Researchers say the glacier is in a phase characterized by "rapid retreat," or "collapse," when a broader geological timeline is considered. A study conducted by marine physicist Alastair Graham at the University of South Florida last year suggested that, despite observations indicating the glacier's melting rate had slowed down compared with previous evaluation periods, it would likely accelerate soon.

"Similar rapid retreat pulses are likely to occur in the near future," the study said.

The melting of Thwaites is dominated by what's happening underneath, where warmer water nibbles at the bottom, something called basal melting, said Peter Davis, an oceanographer at British Antarctic Survey, who is a lead author of one of the studies.

"Thwaites is a rapidly changing system, much more rapidly changing than when we started this work five years ago and even since we were in the field three years ago," said Oregon State University ice researcher Erin Pettit, who wasn't involved in either study. "I am definitely expecting the rapid change to continue and accelerate over the next few years."
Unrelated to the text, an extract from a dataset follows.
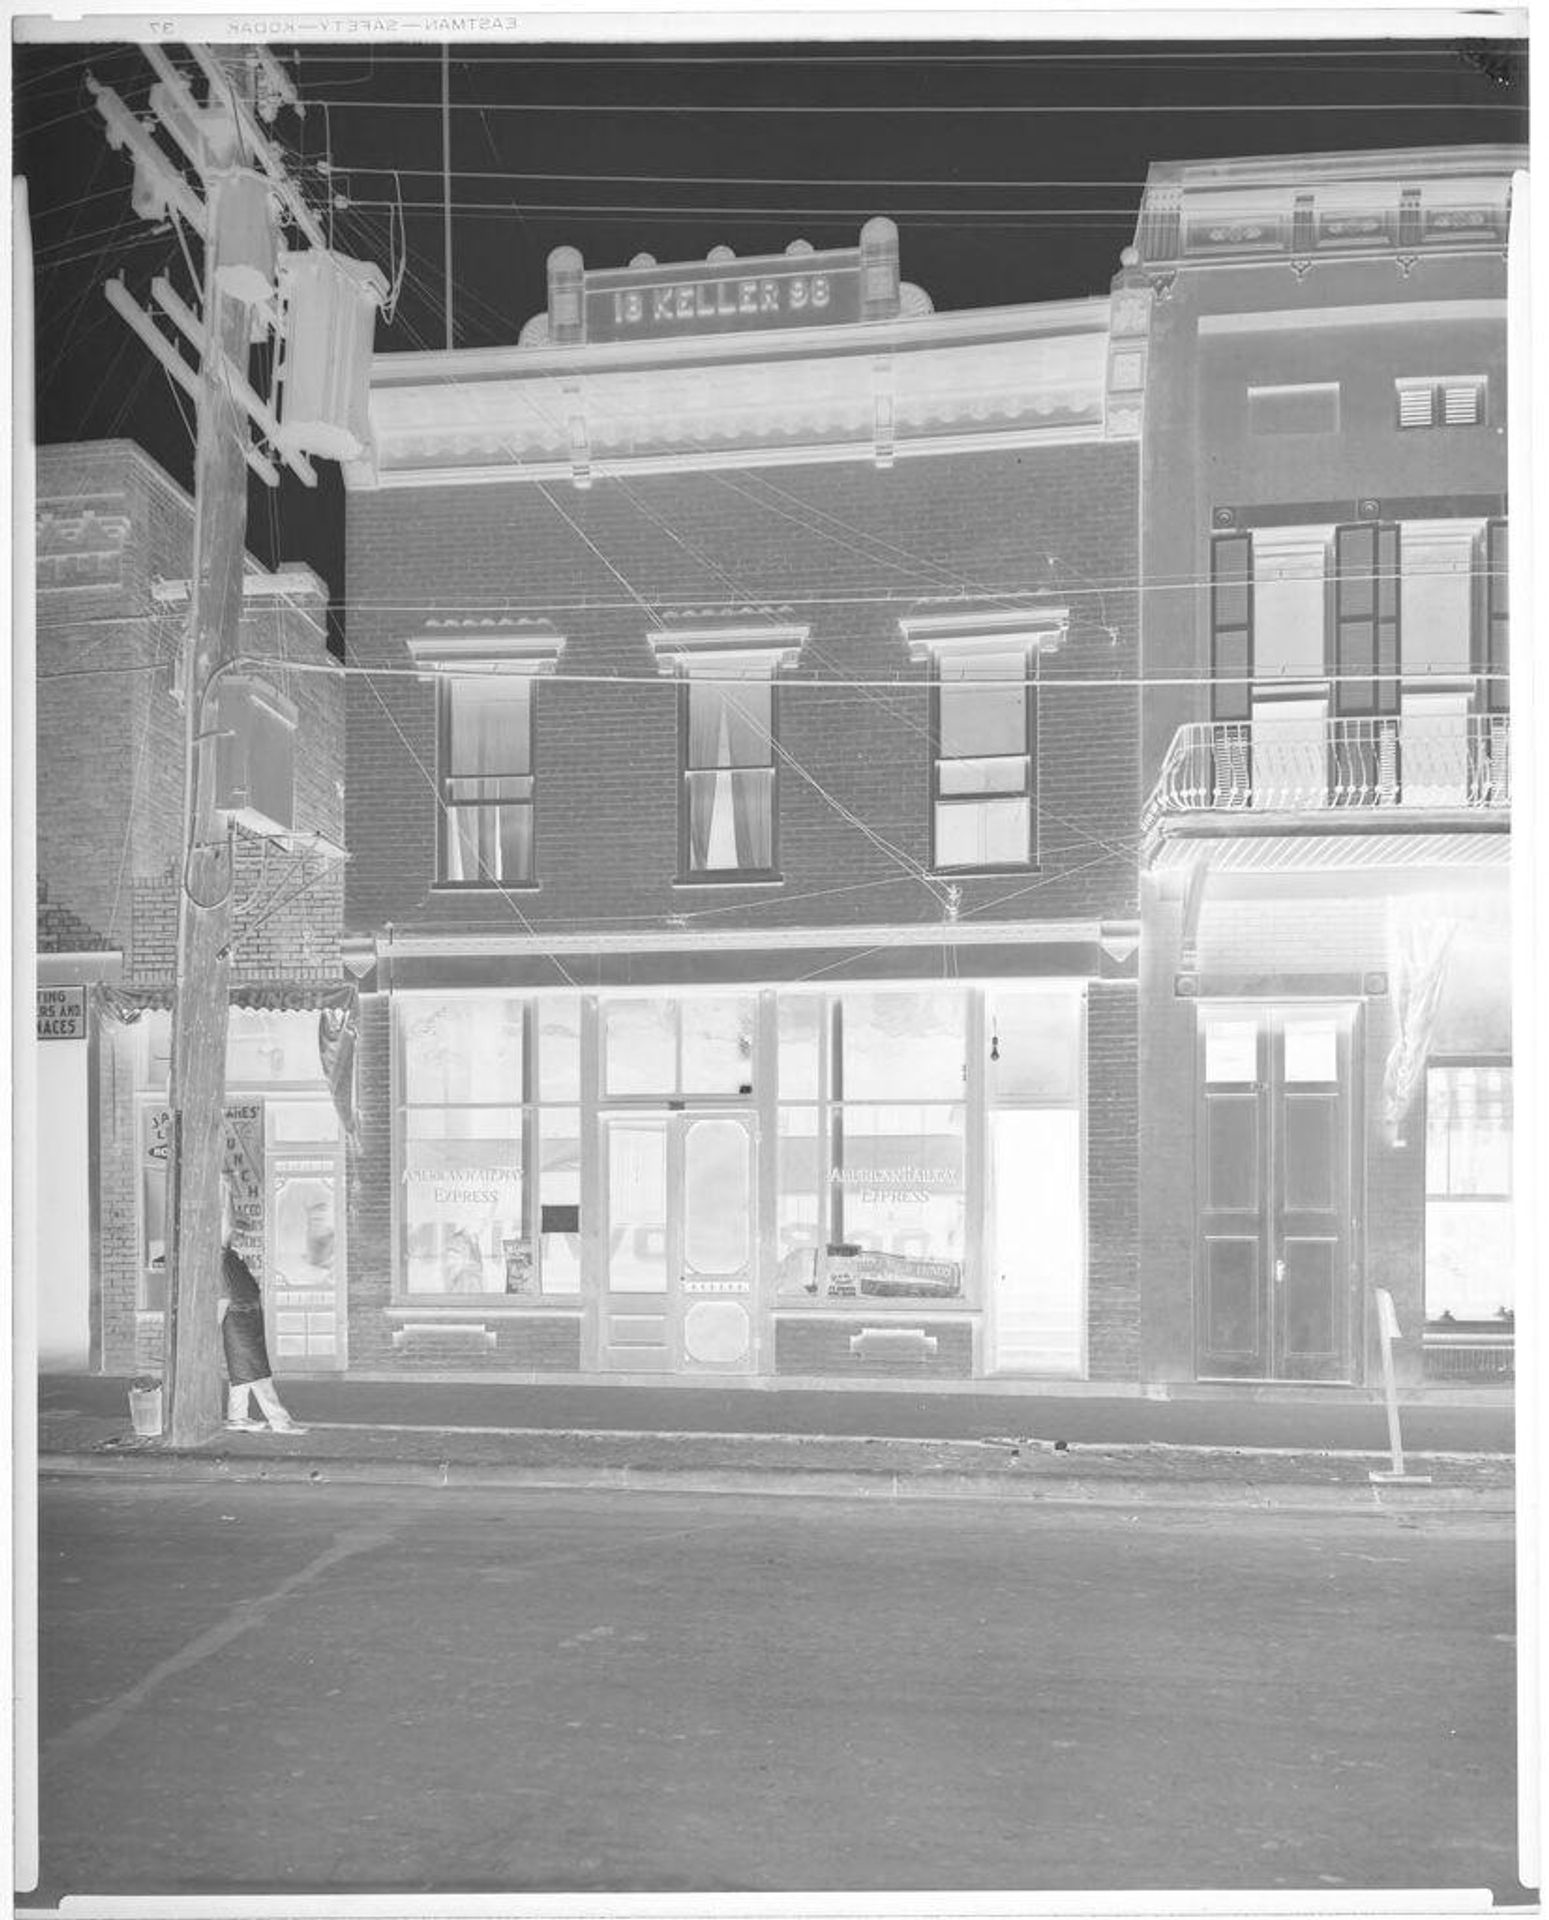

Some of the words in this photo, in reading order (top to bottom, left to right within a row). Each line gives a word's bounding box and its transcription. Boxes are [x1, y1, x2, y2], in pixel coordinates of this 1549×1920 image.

Pennsylvania State University glaciologist Richard Alley, who also wasn't part of the studies, said the new work "gives us an important look at processes affecting the crevasses that might eventually break and cause loss of much of the ice shelf."

Now for the good news: Much of the flat underwater area the scientists explored is melting much slower than they expected. 

But that doesn't really change how much ice is coming off the land part of the glacier and driving up sea levels, Davis said.

Doomsday Glacier Melt
A robot nicknamed Icefin is deployed at Thwaites glacier in Antarctica in January 2020. The pencil-shaped robot is giving scientists their first look at the forces eating away at the Thwaites glacier. Dichek/Icefin/ITGC via AP

Davis said the melting isn't nearly the problem. The more the glacier breaks up or retreats, the more ice floats in water. When ice is on ground as part of the glacier, it isn't part of sea rise, but when it breaks off land and then goes onto water, it adds to the overall water level by displacement, just as ice added to a glass of water raises water level.

And more bad news: the new research is from the eastern, larger and more stable part of Thwaites. Researchers couldn't safely land a plane and drill a hole in the ice in the main trunk, which is breaking up much faster. 

The key to seeing exactly how bad conditions are on the glacier would require going to the main trunk and looking at the melting from below. But that would require a helicopter to land on the ice instead of a heavier airplane and would be incredibly difficult, said Eric Rignot of the University of California Irvine.

The main trunk's glacier surface "is so messed up by crevasses, it looks like a set of sugar cubes almost. There's no place to land a plane," NSF's Cutler said.

Ted Scambos of the National Snow and Ice Data Center said the recent results add to understanding how Thwaites is diminishing.

"Unfortunately, this is still going to be a major issue a century from now," Scambos said in an email. "But our better understanding gives us some time to take action to slow the pace of sea level rise."

When the skinny robot wended its way through the hole in the ice – made by a jet of hot water – the cameras showed not just the melting water, the crucial crevasses and seabed. It also showed critters, especially sea anemones, swimming under the ice.

"To accidentally find them here in this environment was really, really cool," Schmidt said in an interview. "We were so tired that you kind of wonder like, 'am I really seeing what I'm seeing?'"

"In the background is like all these sparkling stars that are like rocks and sediment and things that were picked up from the glacier," Schmidt said. "And then the anemones. It's really kind of a wild experience."